### Task to carry out
Only an exact repetition of every entry counts as the answer.

━━━━━ Records for processing ━━━━━

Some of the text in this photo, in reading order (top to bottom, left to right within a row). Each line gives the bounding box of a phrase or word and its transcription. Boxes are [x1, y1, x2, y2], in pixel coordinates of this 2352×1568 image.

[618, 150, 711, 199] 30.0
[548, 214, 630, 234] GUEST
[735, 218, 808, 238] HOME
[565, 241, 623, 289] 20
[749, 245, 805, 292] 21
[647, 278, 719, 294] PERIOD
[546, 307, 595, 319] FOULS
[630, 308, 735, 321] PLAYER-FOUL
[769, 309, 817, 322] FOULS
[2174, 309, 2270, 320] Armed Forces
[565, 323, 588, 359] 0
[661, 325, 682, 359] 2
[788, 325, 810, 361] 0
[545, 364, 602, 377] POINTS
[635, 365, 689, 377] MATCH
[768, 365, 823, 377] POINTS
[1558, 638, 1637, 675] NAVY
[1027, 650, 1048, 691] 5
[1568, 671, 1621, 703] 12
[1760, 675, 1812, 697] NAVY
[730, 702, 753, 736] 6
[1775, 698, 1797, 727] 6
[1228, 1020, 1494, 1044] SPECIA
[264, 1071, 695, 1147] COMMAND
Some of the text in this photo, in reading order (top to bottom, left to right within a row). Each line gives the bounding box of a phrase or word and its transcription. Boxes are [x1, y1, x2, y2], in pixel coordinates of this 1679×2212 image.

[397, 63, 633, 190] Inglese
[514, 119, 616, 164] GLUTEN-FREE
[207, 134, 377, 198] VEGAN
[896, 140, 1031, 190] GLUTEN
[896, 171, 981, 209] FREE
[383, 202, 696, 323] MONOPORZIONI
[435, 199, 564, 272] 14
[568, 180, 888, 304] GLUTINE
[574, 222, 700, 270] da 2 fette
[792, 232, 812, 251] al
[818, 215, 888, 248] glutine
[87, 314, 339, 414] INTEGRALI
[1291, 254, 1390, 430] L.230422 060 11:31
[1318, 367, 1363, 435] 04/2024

━━━━━

### Response below
Some of the text in this photo, in reading order (top to bottom, left to right within a row). Each line gives the bounding box of a phrase or word and its transcription. Boxes are [x1, y1, x2, y2], in pixel coordinates of this 2352×1568 image.

[618, 150, 711, 199] 30.0
[548, 214, 630, 234] GUEST
[735, 218, 808, 238] HOME
[565, 241, 623, 289] 20
[749, 245, 805, 292] 21
[647, 278, 719, 294] PERIOD
[546, 307, 595, 319] FOULS
[630, 308, 735, 321] PLAYER-FOUL
[769, 309, 817, 322] FOULS
[2174, 309, 2270, 320] Armed Forces
[565, 323, 588, 359] 0
[661, 325, 682, 359] 2
[788, 325, 810, 361] 0
[545, 364, 602, 377] POINTS
[635, 365, 689, 377] MATCH
[768, 365, 823, 377] POINTS
[1558, 638, 1637, 675] NAVY
[1027, 650, 1048, 691] 5
[1568, 671, 1621, 703] 12
[1760, 675, 1812, 697] NAVY
[730, 702, 753, 736] 6
[1775, 698, 1797, 727] 6
[1228, 1020, 1494, 1044] SPECIA
[264, 1071, 695, 1147] COMMAND
Some of the text in this photo, in reading order (top to bottom, left to right within a row). Each line gives the bounding box of a phrase or word and its transcription. Boxes are [x1, y1, x2, y2], in pixel coordinates of this 1679×2212 image.

[397, 63, 633, 190] Inglese
[514, 119, 616, 164] GLUTEN-FREE
[207, 134, 377, 198] VEGAN
[896, 140, 1031, 190] GLUTEN
[896, 171, 981, 209] FREE
[383, 202, 696, 323] MONOPORZIONI
[435, 199, 564, 272] 14
[568, 180, 888, 304] GLUTINE
[574, 222, 700, 270] da 2 fette
[792, 232, 812, 251] al
[818, 215, 888, 248] glutine
[87, 314, 339, 414] INTEGRALI
[1291, 254, 1390, 430] L.230422 060 11:31
[1318, 367, 1363, 435] 04/2024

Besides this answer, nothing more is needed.